My Big Fat Fake Wedding(36)
Somehow, this arrangement with Violet already seems more personal than a gold-digging wife ever would be, though.
“Why, thank you, Ross,” Violet says, resting her hand on my thigh just a little higher than is friendly.
“Violet? Ross?” Dad asks as Mom looks on with equal parts surprise, hope, and glee in her eyes. “Is there something going on?”
“You know we should wait until dinner, Dad,” I reply. “You taught me that lesson. You don’t strike until the right moment.” It sounds like a compliment, but my gaze is hard. I respect him, look up to him—hell, I love him—but that doesn’t mean that I’m not still furious with him for throwing his weight around, threatening me, and putting us all in this position.

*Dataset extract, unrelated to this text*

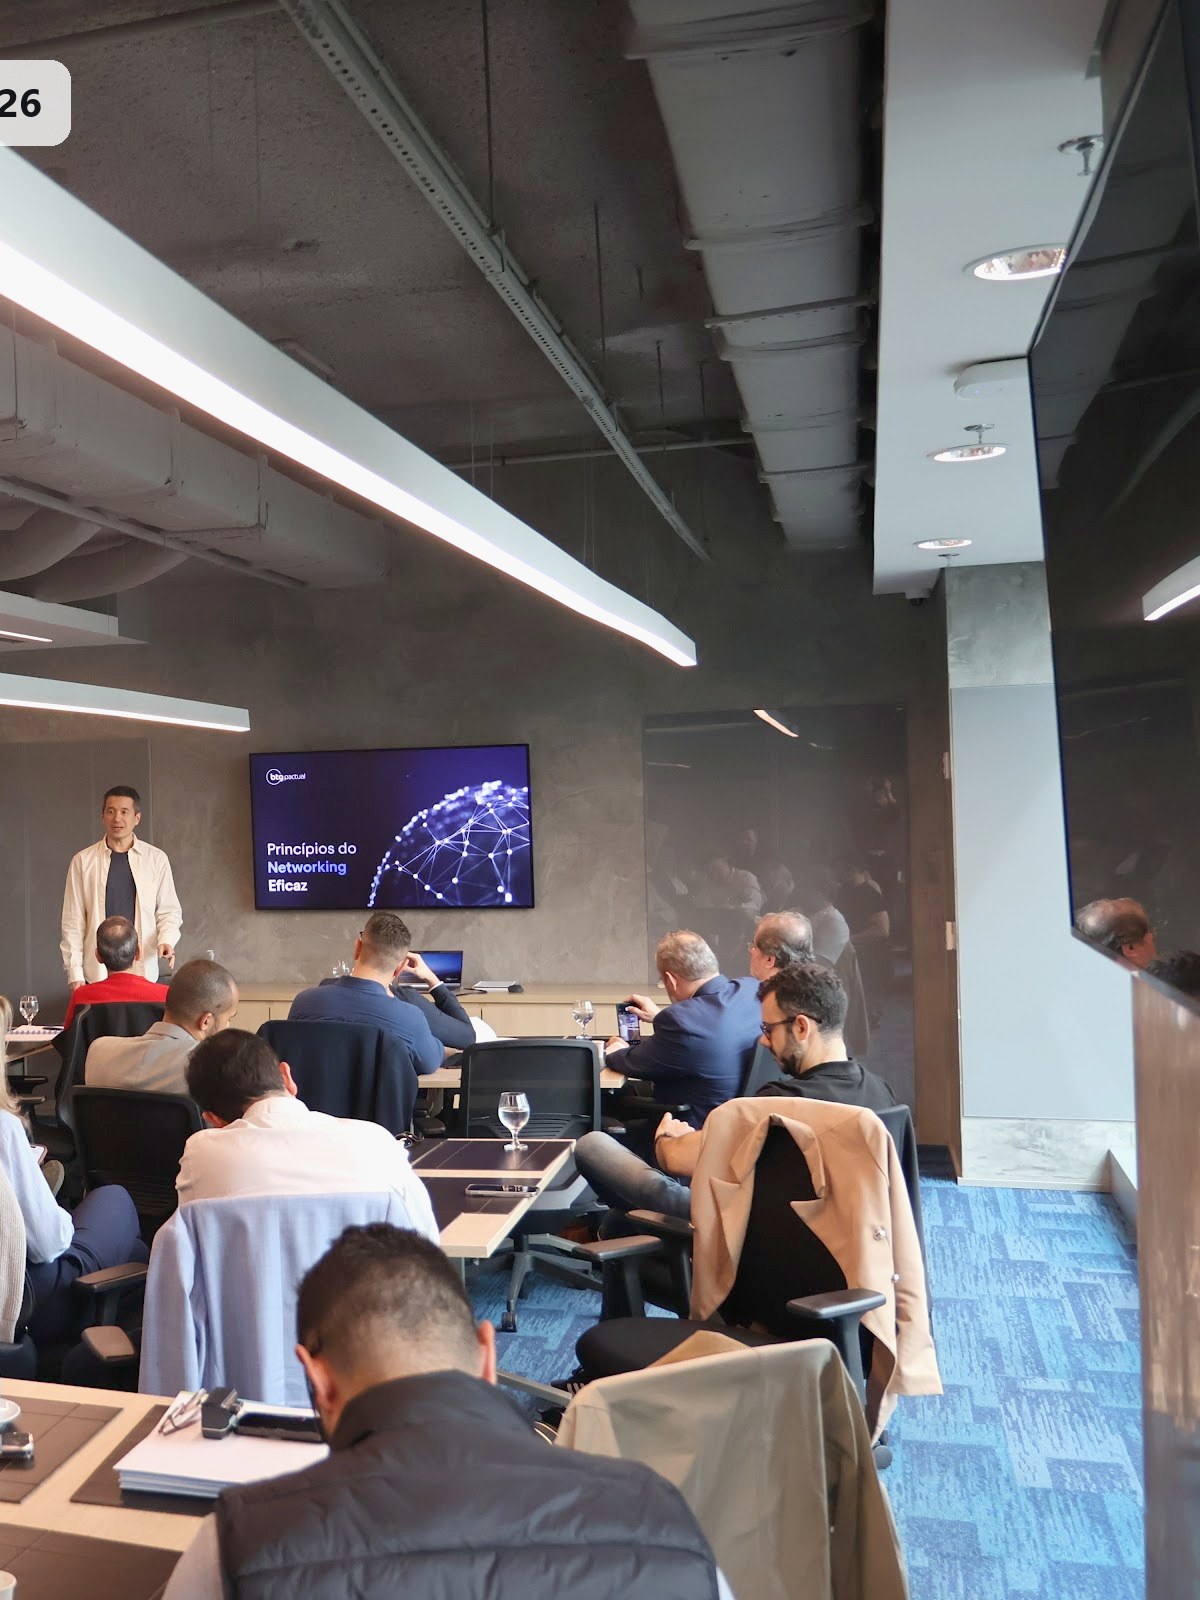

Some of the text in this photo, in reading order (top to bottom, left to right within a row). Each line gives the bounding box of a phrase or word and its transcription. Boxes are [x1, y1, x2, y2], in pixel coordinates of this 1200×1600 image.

[267, 842, 357, 858] Princípios do
[267, 861, 347, 876] Networking
[268, 879, 308, 892] Eficaz

“Well,” Mom says, trying to interrupt the tension, “how are things with Colin, Violet? The last I heard from Abigail, you were going to get married soon?” She asks it lightly, but her eyes are definitely laser-locked on where Violet’s hand rests on my thigh. To make a point, I lay my own hand over Violet’s, interweaving our fingers.
I swear my mother is going to have a conniption fit. Only her years of keeping up appearances hold her back from peppering us with the questions I know she has.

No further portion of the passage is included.